Erschöpfung, Große Halle, Herbstwind

~*~

Sie hatte sie alle gleichermaßen erfasst, die Lider gesenkt, sich auf die Glieder geschlagen. Ein müdes Gähnen nur hier und da durchbrach das Schweigen, übers Schloss verteilt. Alles lag in tiefem Schlummer, alles war im Land der Träume. Alles? Nein! Rastlose Geister wandelten noch immer in Gedankentürmen umher, suchten nach einer Antwort. 

Hermine trotzte der Erschöpfung. Vielleicht war sie als Einzige im Schloss noch wach. Vielleicht lagen auch andere schlaflos auf ihrem Lager. Wer wusste das schon? Morgen, wenn sie in ihr Haus zurückkehrte, würde sie es gewiss bereuen. Doch jetzt fand sie einfach keine Ruhe. Ihr Gehirn ratterte, wälzte die Ereignisse, die sie in Atem gehalten hatten, hin und her, her und hin. Wie nur hatte das passieren können? Wo war bloß das Schlupfloch, das es zu schließen galt? All die Dementoren und doch nutzlos! Sorgenfalten kräuselten ihre Stirn als sie sich müde zur Seite drehte. Oh Harry, abermals sind wir nicht mehr sicher, mögen die Lehrer klüger sein als wir!

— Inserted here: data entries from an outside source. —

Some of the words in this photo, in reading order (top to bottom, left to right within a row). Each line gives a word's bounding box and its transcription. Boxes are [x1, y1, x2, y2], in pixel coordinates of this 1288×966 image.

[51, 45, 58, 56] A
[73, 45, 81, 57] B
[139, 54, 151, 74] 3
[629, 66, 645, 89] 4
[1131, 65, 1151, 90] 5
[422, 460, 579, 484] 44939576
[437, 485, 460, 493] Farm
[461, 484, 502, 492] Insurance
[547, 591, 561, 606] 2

Sie waren nicht klüger geworden! Stunden über Stunden der Suche und keine Spur, nicht einmal im Ansatz! Keine Ahnung und keine Idee. Er war wieder wie vom Erdboden verschluckt, wie ein Geist einfach verschwunden. Wusste der Geier, warum die Sicherheitszauber der Schule ihn nicht aufgehalten hatten. Minerva gähnte. Sie fühlte sich müde und unendlich schlapp. Eigentlich hätte sie Albus in der Großen Halle aufsuchen müssen, die Lage mit ihm besprechen, sich den Kopf zermartern sollen, wie die Sicherheit der Schüler wieder herzustellen sei. Es wäre ihre Pflicht gewesen. Doch sie war zu erschöpft dazu. Schläfrig schlug sie am Treppenhaus den Weg nach oben ein, schläfrig und mit einem schlechten Gewissen.

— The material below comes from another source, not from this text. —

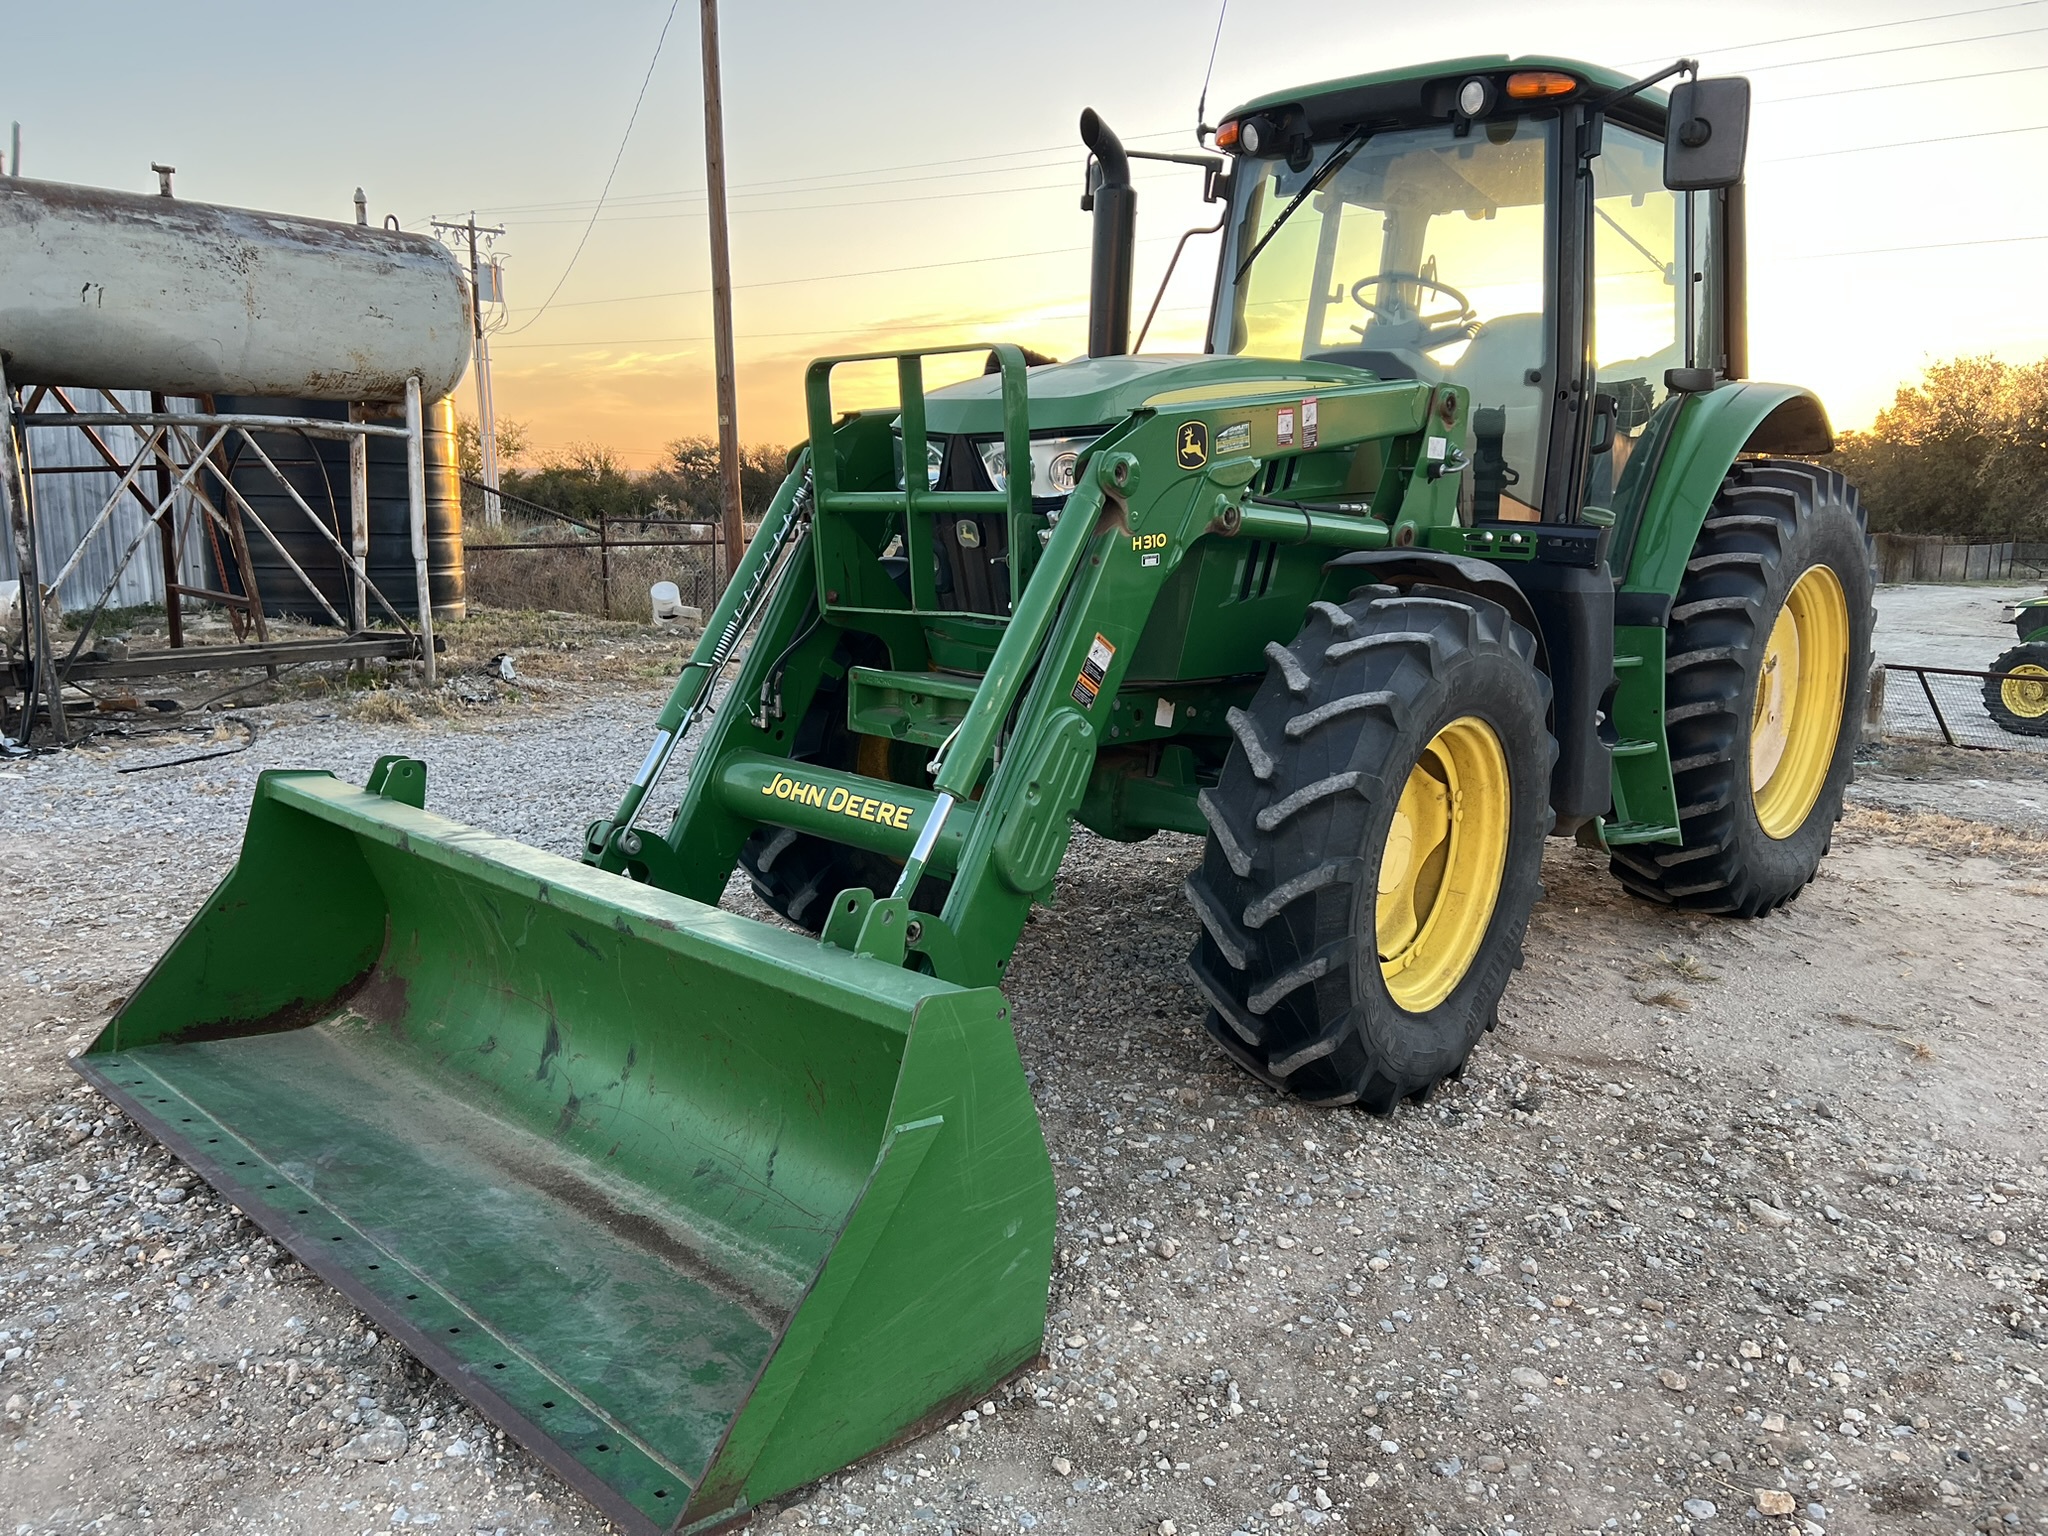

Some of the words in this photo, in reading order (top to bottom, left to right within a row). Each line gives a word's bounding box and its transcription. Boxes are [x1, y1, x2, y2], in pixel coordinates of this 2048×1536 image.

[1132, 533, 1167, 551] H310
[762, 773, 827, 807] JOHN
[826, 787, 914, 829] DEERE

Gewissenbisse. Remus fühlte sie zwicken und nagen, stechen und beißen. Das schlechte Gewissen saß ihm im Nacken, trieb ihn durch die Korridore, obwohl ihm die Augen zuzufallen drohten. Vage ahnte er wie seinem alten Freund und neuem Feind dieses Kunststück gelungen war, das allen anderen Rätseln aufgab. Das alte Geheimnis, der Schwur ihrer Schulzeit geisterte durch seinen Kopf wie ein Phantom längst vergangener Zeiten. Doch er brachte es nicht über sich, den Mund aufzumachen. Wagte nicht, seine Bedenken, Befürchtungen auszusprechen. Nach allem was geschehen war fühlte es sich noch immer an wie Verrat. Dumbledore würde es das Herz brechen. Und Severus? Was würde er erst denken, bei all diesem Hass?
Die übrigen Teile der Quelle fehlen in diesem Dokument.